**** Listed entries ****
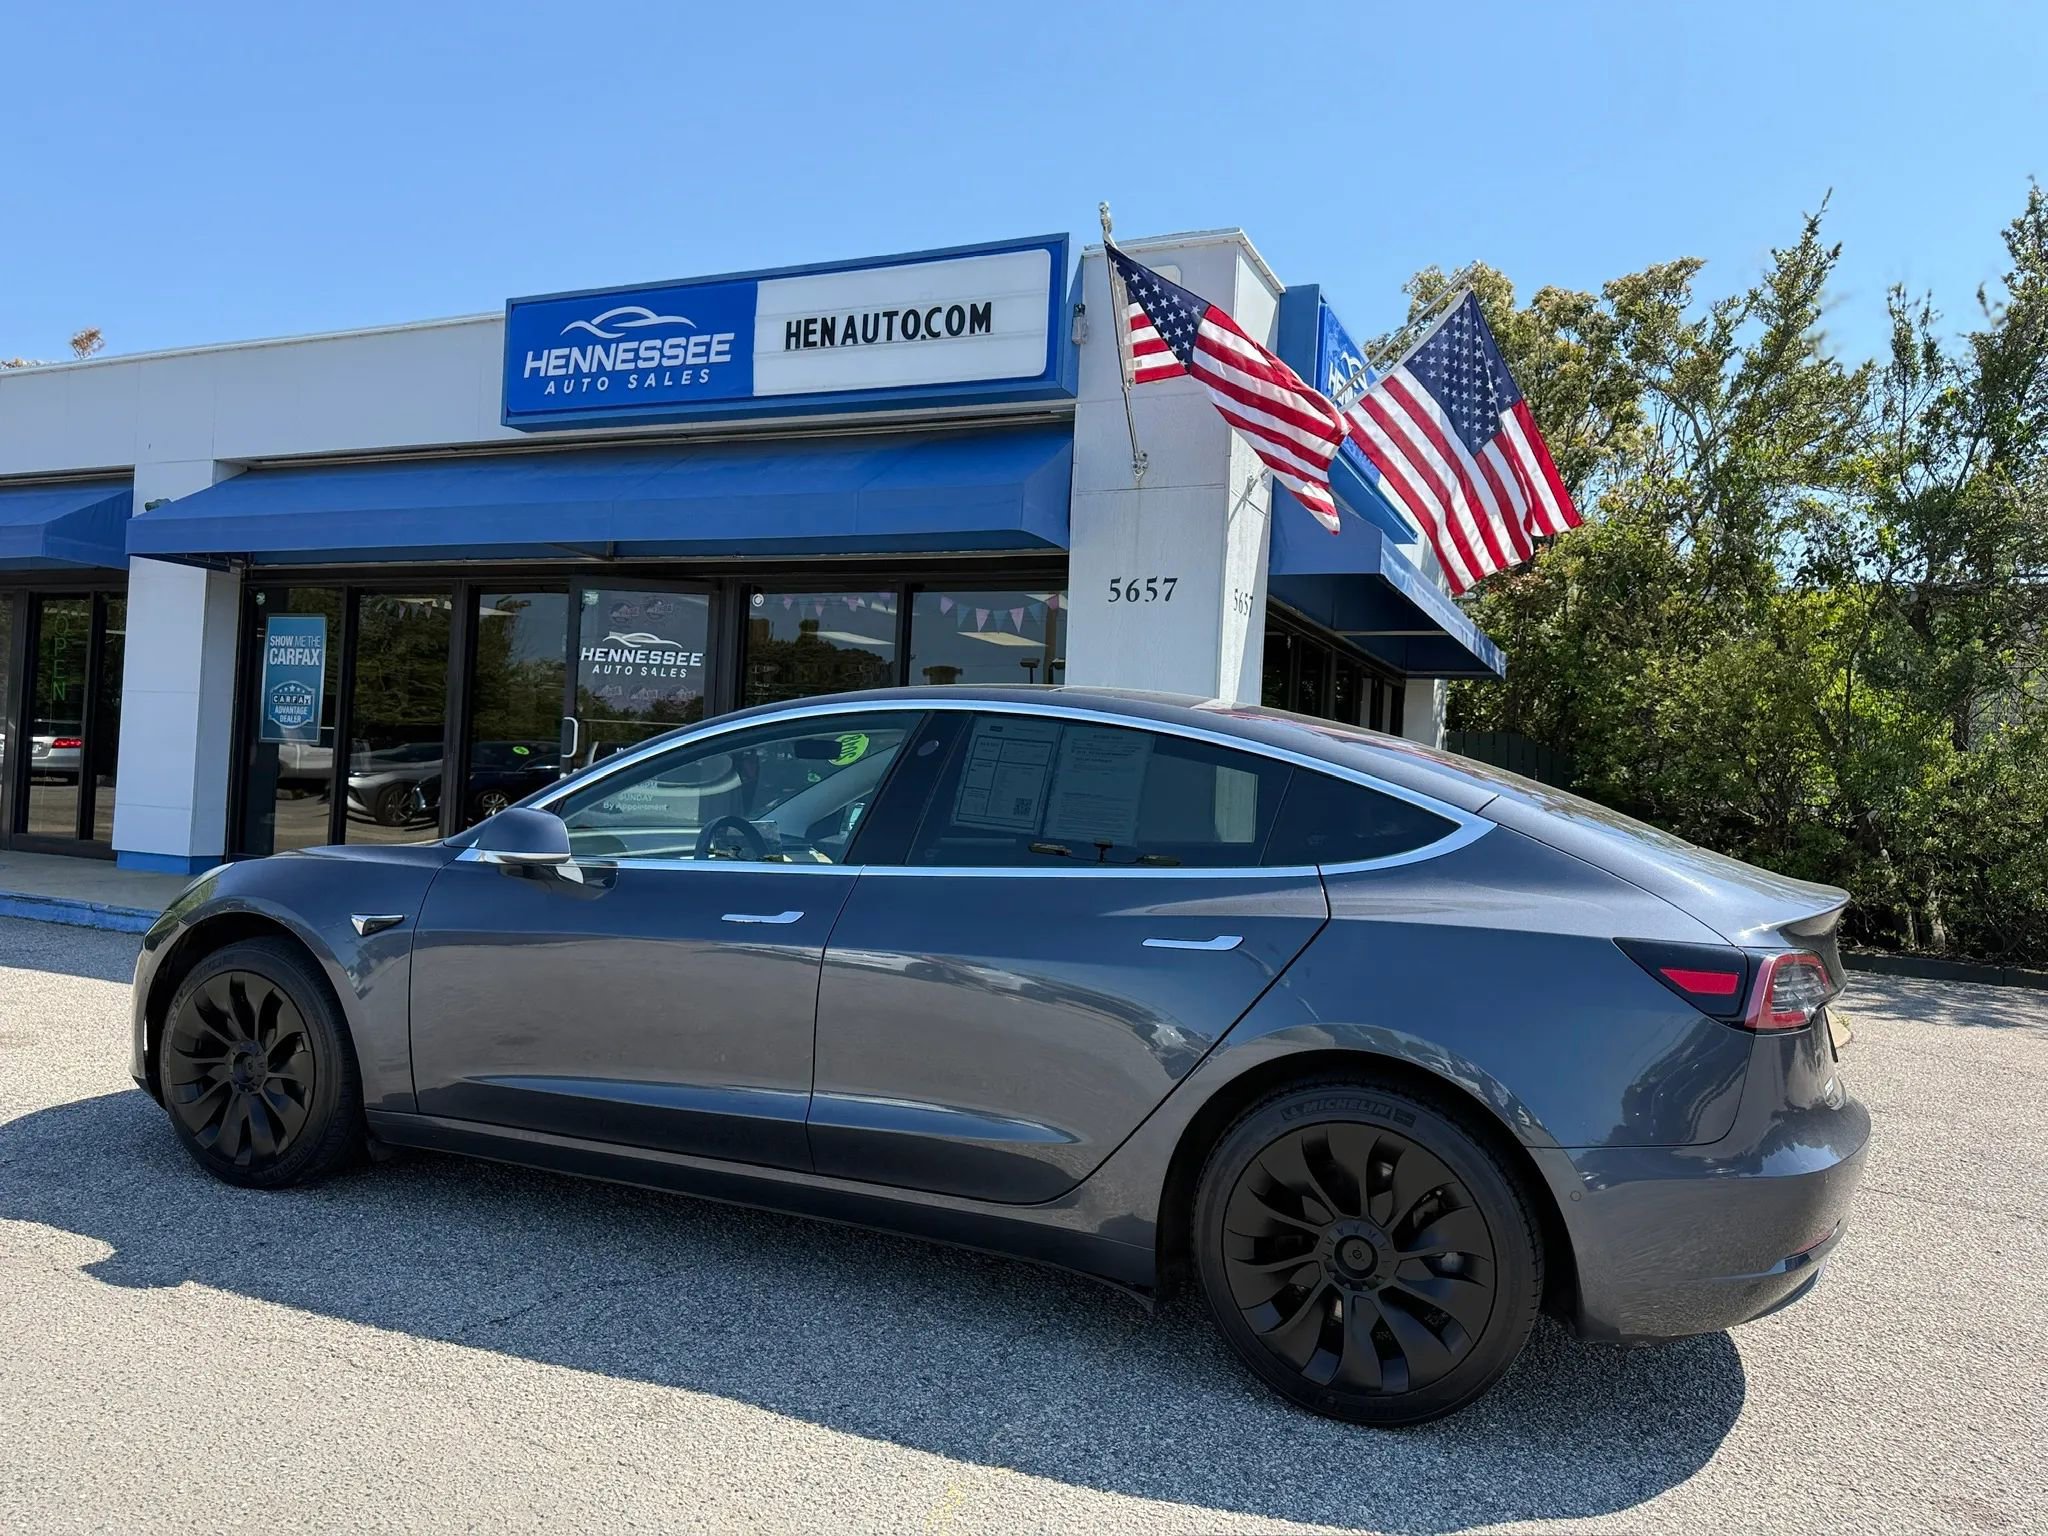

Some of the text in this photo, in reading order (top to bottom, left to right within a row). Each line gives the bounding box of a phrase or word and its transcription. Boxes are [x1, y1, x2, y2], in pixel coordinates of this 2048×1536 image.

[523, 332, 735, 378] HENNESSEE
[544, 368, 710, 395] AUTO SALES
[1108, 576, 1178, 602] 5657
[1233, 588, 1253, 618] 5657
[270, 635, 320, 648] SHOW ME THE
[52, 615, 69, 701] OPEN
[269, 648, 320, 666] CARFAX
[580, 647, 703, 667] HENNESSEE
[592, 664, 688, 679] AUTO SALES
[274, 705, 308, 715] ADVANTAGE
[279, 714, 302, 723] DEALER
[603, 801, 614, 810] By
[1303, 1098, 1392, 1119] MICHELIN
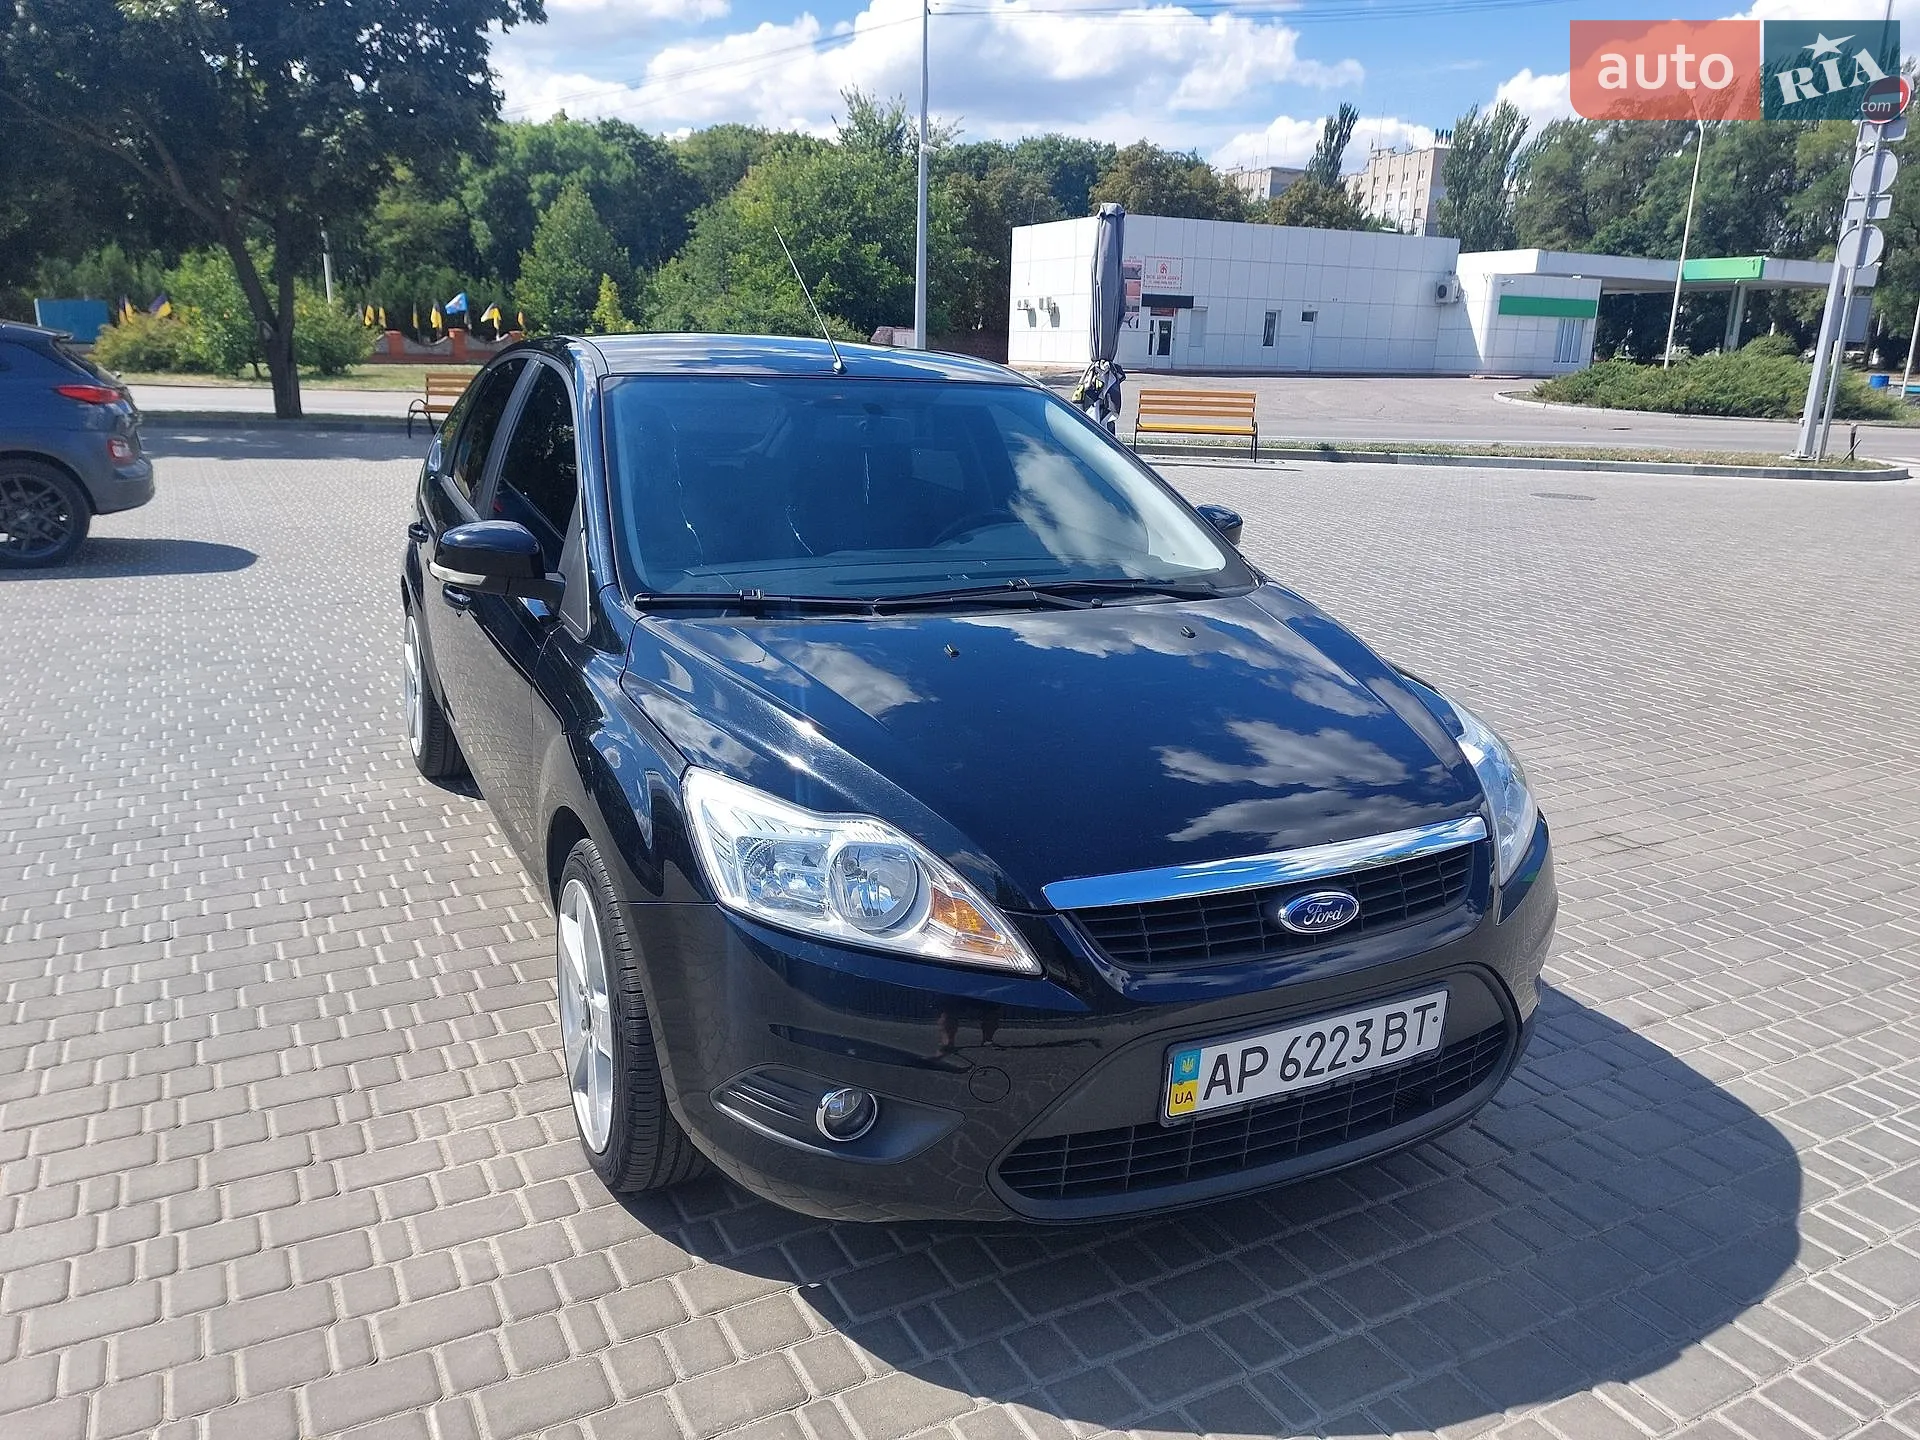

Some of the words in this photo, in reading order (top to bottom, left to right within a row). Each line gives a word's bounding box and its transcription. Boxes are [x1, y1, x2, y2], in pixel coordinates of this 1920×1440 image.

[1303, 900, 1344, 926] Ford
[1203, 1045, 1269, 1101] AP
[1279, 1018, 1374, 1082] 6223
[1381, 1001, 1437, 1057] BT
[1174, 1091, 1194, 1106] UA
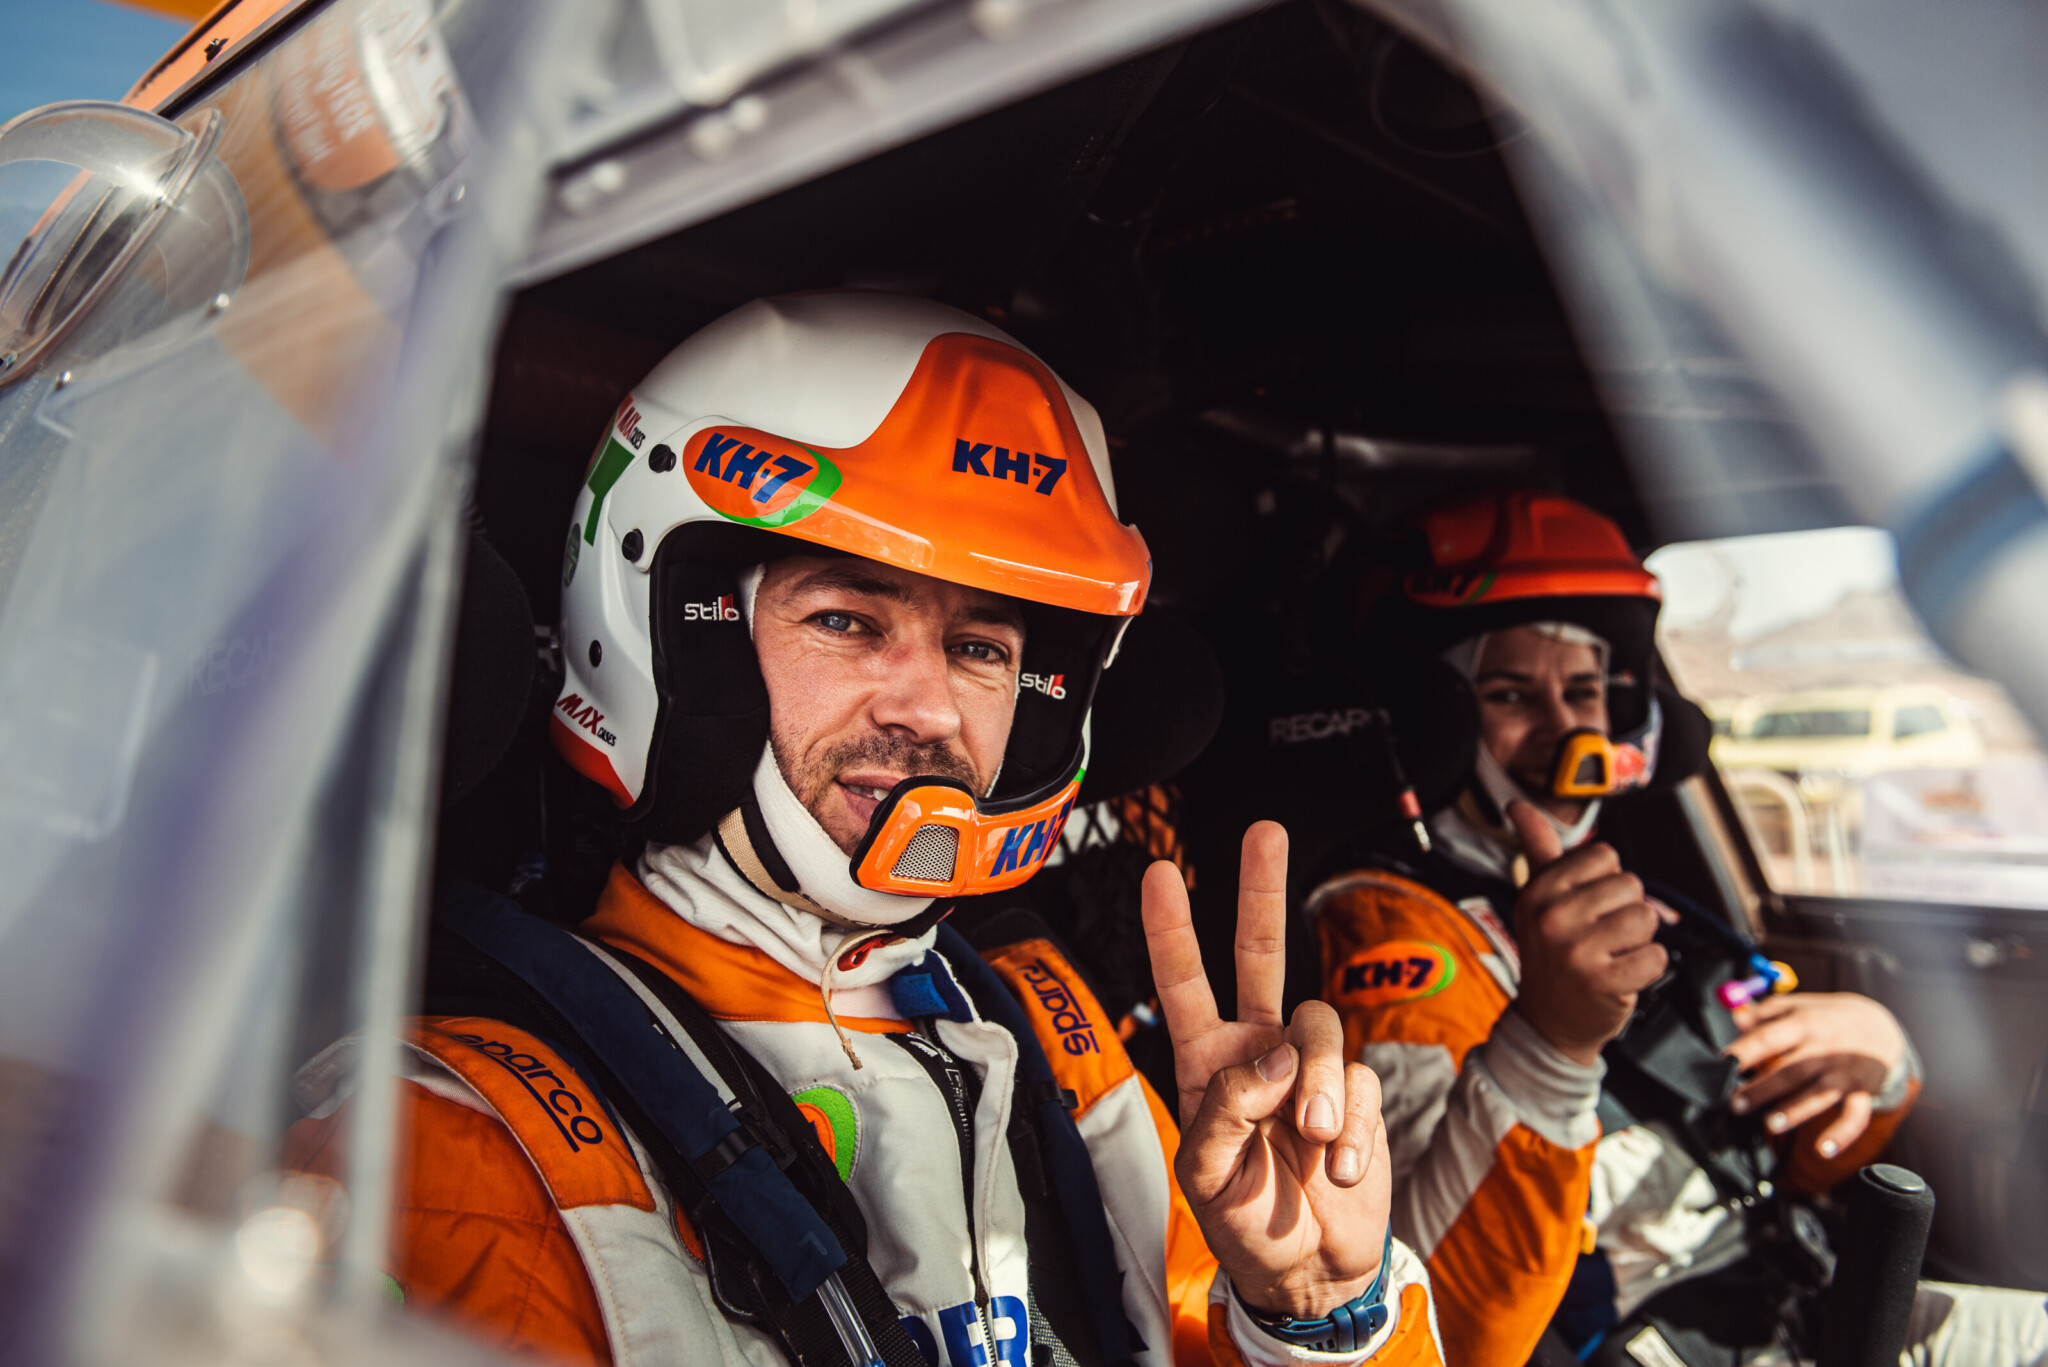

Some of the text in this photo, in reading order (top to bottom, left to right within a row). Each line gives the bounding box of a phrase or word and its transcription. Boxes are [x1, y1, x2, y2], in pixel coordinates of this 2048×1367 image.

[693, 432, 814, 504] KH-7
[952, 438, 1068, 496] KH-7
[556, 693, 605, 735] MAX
****
- Work order
What is needed is an exact repeat of the records, with every picture left out.

- Answer section
Some of the text in this photo, in reading order (top to bottom, left to right within a row). Each line gives the bounding box of a phrase or word and its transcription. Boxes are [x1, y1, x2, y2], in pixel coordinates of this 2048×1536 image.

[523, 332, 735, 378] HENNESSEE
[544, 368, 710, 395] AUTO SALES
[1108, 576, 1178, 602] 5657
[1233, 588, 1253, 618] 5657
[270, 635, 320, 648] SHOW ME THE
[52, 615, 69, 701] OPEN
[269, 648, 320, 666] CARFAX
[580, 647, 703, 667] HENNESSEE
[592, 664, 688, 679] AUTO SALES
[274, 705, 308, 715] ADVANTAGE
[279, 714, 302, 723] DEALER
[603, 801, 614, 810] By
[1303, 1098, 1392, 1119] MICHELIN

Some of the words in this photo, in reading order (top to bottom, left to right within a row). Each line gives a word's bounding box and its transcription. Boxes are [x1, y1, x2, y2], in pixel coordinates of this 1920×1440 image.

[1303, 900, 1344, 926] Ford
[1203, 1045, 1269, 1101] AP
[1279, 1018, 1374, 1082] 6223
[1381, 1001, 1437, 1057] BT
[1174, 1091, 1194, 1106] UA

Some of the text in this photo, in reading order (top to bottom, left to right within a row). Each line gives the bounding box of a phrase or word and its transcription. Boxes are [x1, y1, x2, y2], in pixel coordinates of this 2048×1367 image.

[693, 432, 814, 504] KH-7
[952, 438, 1068, 496] KH-7
[556, 693, 605, 735] MAX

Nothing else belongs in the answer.